══ Data extracts

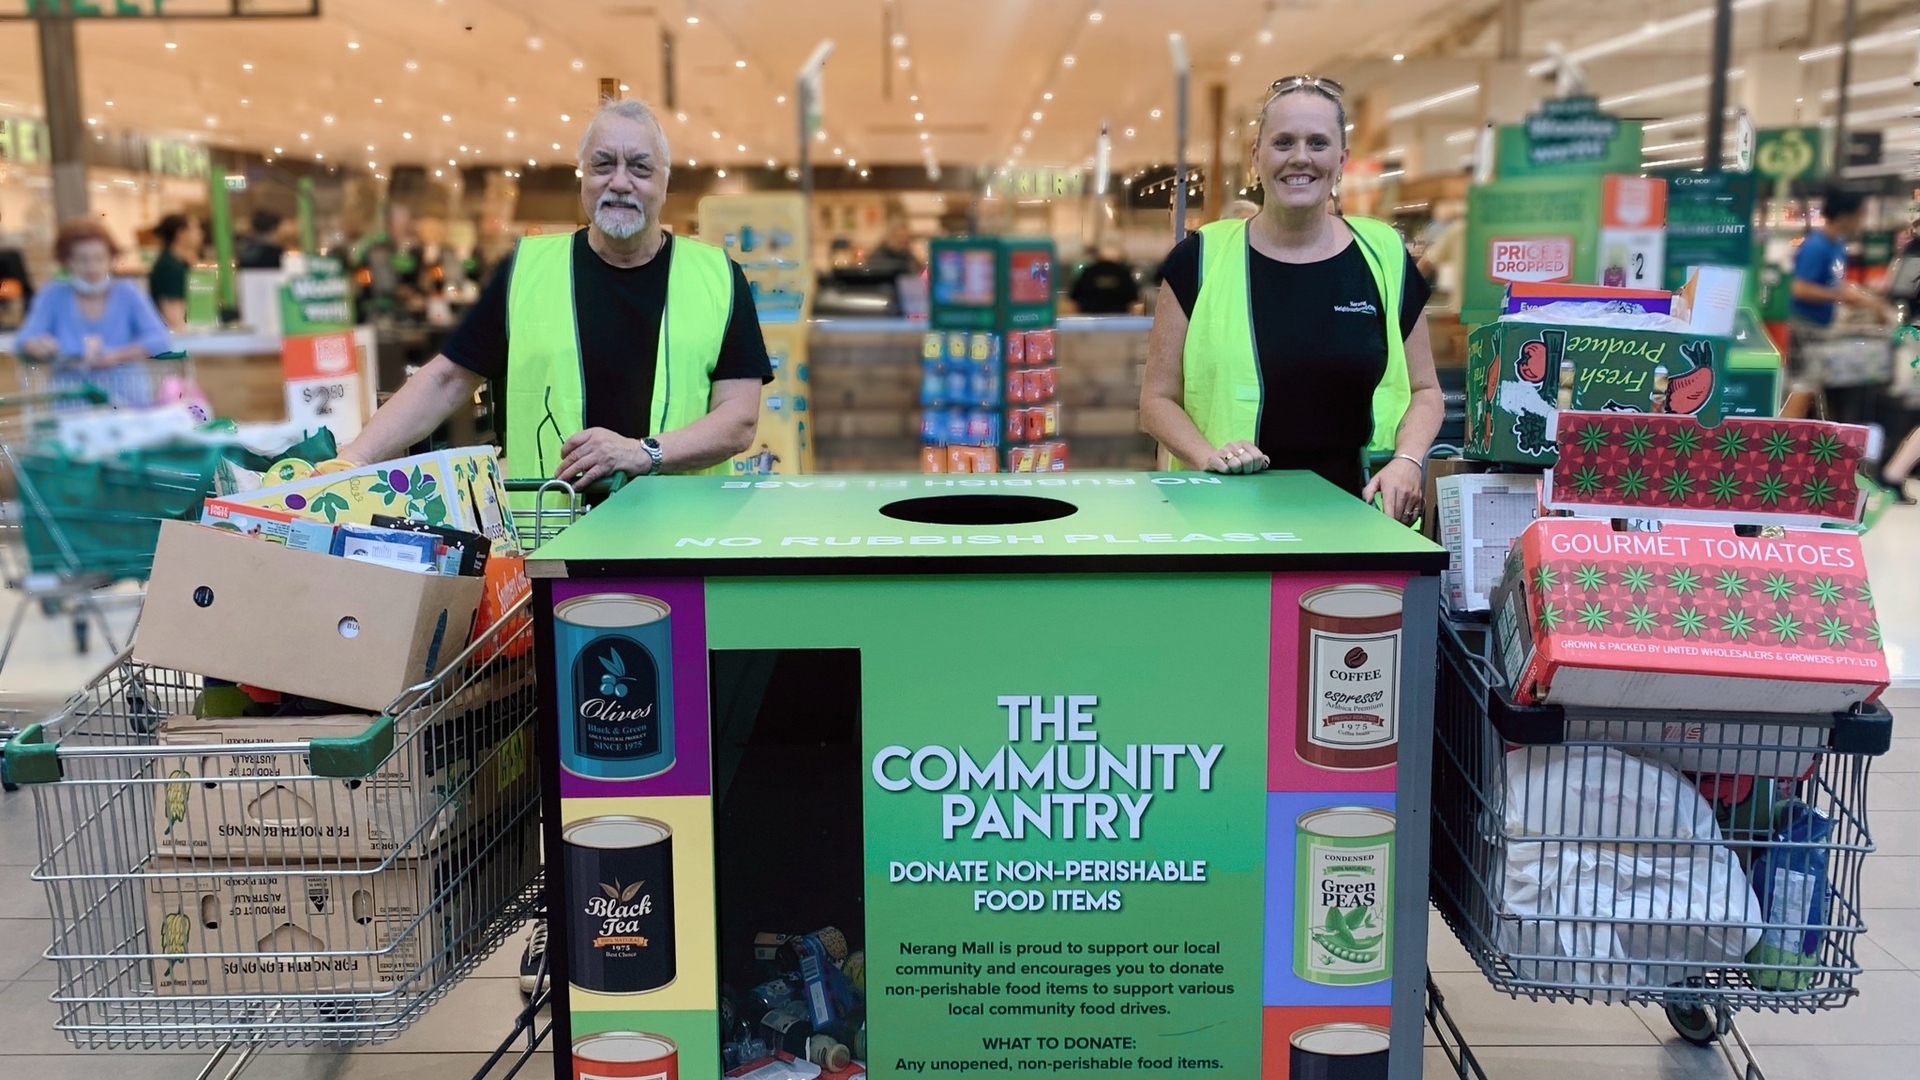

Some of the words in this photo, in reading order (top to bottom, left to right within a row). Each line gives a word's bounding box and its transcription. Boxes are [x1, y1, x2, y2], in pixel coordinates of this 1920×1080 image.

[1716, 224, 1746, 234] UNIT
[1496, 260, 1565, 272] DROPPED
[1566, 335, 1666, 364] Produce
[1579, 366, 1648, 393] Fresh
[1151, 476, 1222, 485] NO
[674, 536, 763, 548] NO
[780, 533, 1045, 547] RUBBISH
[1064, 531, 1303, 545] PLEASE
[1551, 533, 1691, 557] GOURMET
[1698, 537, 1855, 568] TOMATOES
[1560, 640, 1597, 650] GROWN
[1599, 641, 1606, 649] &
[1607, 642, 1647, 653] PACKED
[1649, 644, 1661, 655] BY
[1663, 645, 1700, 656] UNITED
[1700, 648, 1777, 661] WHOLESALERS
[1775, 653, 1783, 662] &
[1784, 653, 1835, 665] GROWERS
[1836, 657, 1858, 667] PTY.
[1859, 658, 1878, 668] LTD
[1329, 669, 1382, 682] COFFEE
[1324, 690, 1384, 705] espresso
[579, 698, 653, 722] Olives
[1326, 702, 1352, 712] Arabica
[1353, 702, 1384, 712] Premium
[998, 696, 1098, 741] THE
[1341, 723, 1368, 731] 1975
[587, 723, 611, 734] Black
[612, 726, 621, 735] &
[622, 724, 647, 734] Green
[625, 733, 647, 741] PRODUCT
[593, 741, 622, 751] SINCE
[624, 740, 643, 750] 1975
[872, 744, 1224, 792] COMMUNITY
[942, 793, 1153, 839] PANTRY
[326, 825, 350, 838] FAR
[1324, 854, 1374, 862] CONDENSED
[891, 861, 988, 882] DONATE
[996, 860, 1206, 882] NON-PERISHABLE
[1321, 879, 1376, 894] Green
[584, 894, 653, 918] Black
[975, 890, 1045, 911] FOOD
[1052, 890, 1121, 911] ITEMS
[1321, 892, 1376, 908] PEAS
[598, 918, 640, 937] Tea
[899, 942, 957, 957] Nerang
[962, 941, 994, 954] Mall
[999, 940, 1012, 954] is
[1016, 941, 1063, 957] proud
[1066, 942, 1084, 953] to
[1087, 942, 1149, 957] support
[1152, 943, 1180, 953] our
[1184, 941, 1220, 953] local
[334, 959, 358, 973] FAR
[895, 961, 983, 978] community
[986, 961, 1016, 974] and
[1020, 963, 1112, 978] encourages
[1115, 964, 1145, 978] you
[1148, 962, 1165, 974] to
[1169, 961, 1225, 974] donate
[885, 981, 1001, 998] non-perishable
[1005, 981, 1041, 994] food
[1046, 981, 1089, 994] items
[1092, 982, 1109, 994] to
[1113, 982, 1174, 998] support
[1177, 980, 1235, 994] various
[948, 1002, 984, 1015] local
[988, 1001, 1076, 1018] community
[1079, 1001, 1116, 1014] food
[1120, 1001, 1171, 1014] drives.
[981, 1037, 1032, 1049] WHAT
[1035, 1036, 1060, 1049] TO
[1064, 1036, 1137, 1049] DONATE:
[894, 1057, 926, 1073] Any
[930, 1057, 1013, 1073] unopened,
[1017, 1056, 1133, 1072] non-perishable
[1137, 1056, 1173, 1068] food
[1177, 1055, 1224, 1068] items.

════

> Problem to solve:
What is needed is an exact printout of all the entries, without the pictures.

> Your response:
Some of the words in this photo, in reading order (top to bottom, left to right within a row). Each line gives a word's bounding box and its transcription. Boxes are [x1, y1, x2, y2], in pixel coordinates of this 1920×1080 image.

[1716, 224, 1746, 234] UNIT
[1496, 260, 1565, 272] DROPPED
[1566, 335, 1666, 364] Produce
[1579, 366, 1648, 393] Fresh
[1151, 476, 1222, 485] NO
[674, 536, 763, 548] NO
[780, 533, 1045, 547] RUBBISH
[1064, 531, 1303, 545] PLEASE
[1551, 533, 1691, 557] GOURMET
[1698, 537, 1855, 568] TOMATOES
[1560, 640, 1597, 650] GROWN
[1599, 641, 1606, 649] &
[1607, 642, 1647, 653] PACKED
[1649, 644, 1661, 655] BY
[1663, 645, 1700, 656] UNITED
[1700, 648, 1777, 661] WHOLESALERS
[1775, 653, 1783, 662] &
[1784, 653, 1835, 665] GROWERS
[1836, 657, 1858, 667] PTY.
[1859, 658, 1878, 668] LTD
[1329, 669, 1382, 682] COFFEE
[1324, 690, 1384, 705] espresso
[579, 698, 653, 722] Olives
[1326, 702, 1352, 712] Arabica
[1353, 702, 1384, 712] Premium
[998, 696, 1098, 741] THE
[1341, 723, 1368, 731] 1975
[587, 723, 611, 734] Black
[612, 726, 621, 735] &
[622, 724, 647, 734] Green
[625, 733, 647, 741] PRODUCT
[593, 741, 622, 751] SINCE
[624, 740, 643, 750] 1975
[872, 744, 1224, 792] COMMUNITY
[942, 793, 1153, 839] PANTRY
[326, 825, 350, 838] FAR
[1324, 854, 1374, 862] CONDENSED
[891, 861, 988, 882] DONATE
[996, 860, 1206, 882] NON-PERISHABLE
[1321, 879, 1376, 894] Green
[584, 894, 653, 918] Black
[975, 890, 1045, 911] FOOD
[1052, 890, 1121, 911] ITEMS
[1321, 892, 1376, 908] PEAS
[598, 918, 640, 937] Tea
[899, 942, 957, 957] Nerang
[962, 941, 994, 954] Mall
[999, 940, 1012, 954] is
[1016, 941, 1063, 957] proud
[1066, 942, 1084, 953] to
[1087, 942, 1149, 957] support
[1152, 943, 1180, 953] our
[1184, 941, 1220, 953] local
[334, 959, 358, 973] FAR
[895, 961, 983, 978] community
[986, 961, 1016, 974] and
[1020, 963, 1112, 978] encourages
[1115, 964, 1145, 978] you
[1148, 962, 1165, 974] to
[1169, 961, 1225, 974] donate
[885, 981, 1001, 998] non-perishable
[1005, 981, 1041, 994] food
[1046, 981, 1089, 994] items
[1092, 982, 1109, 994] to
[1113, 982, 1174, 998] support
[1177, 980, 1235, 994] various
[948, 1002, 984, 1015] local
[988, 1001, 1076, 1018] community
[1079, 1001, 1116, 1014] food
[1120, 1001, 1171, 1014] drives.
[981, 1037, 1032, 1049] WHAT
[1035, 1036, 1060, 1049] TO
[1064, 1036, 1137, 1049] DONATE:
[894, 1057, 926, 1073] Any
[930, 1057, 1013, 1073] unopened,
[1017, 1056, 1133, 1072] non-perishable
[1137, 1056, 1173, 1068] food
[1177, 1055, 1224, 1068] items.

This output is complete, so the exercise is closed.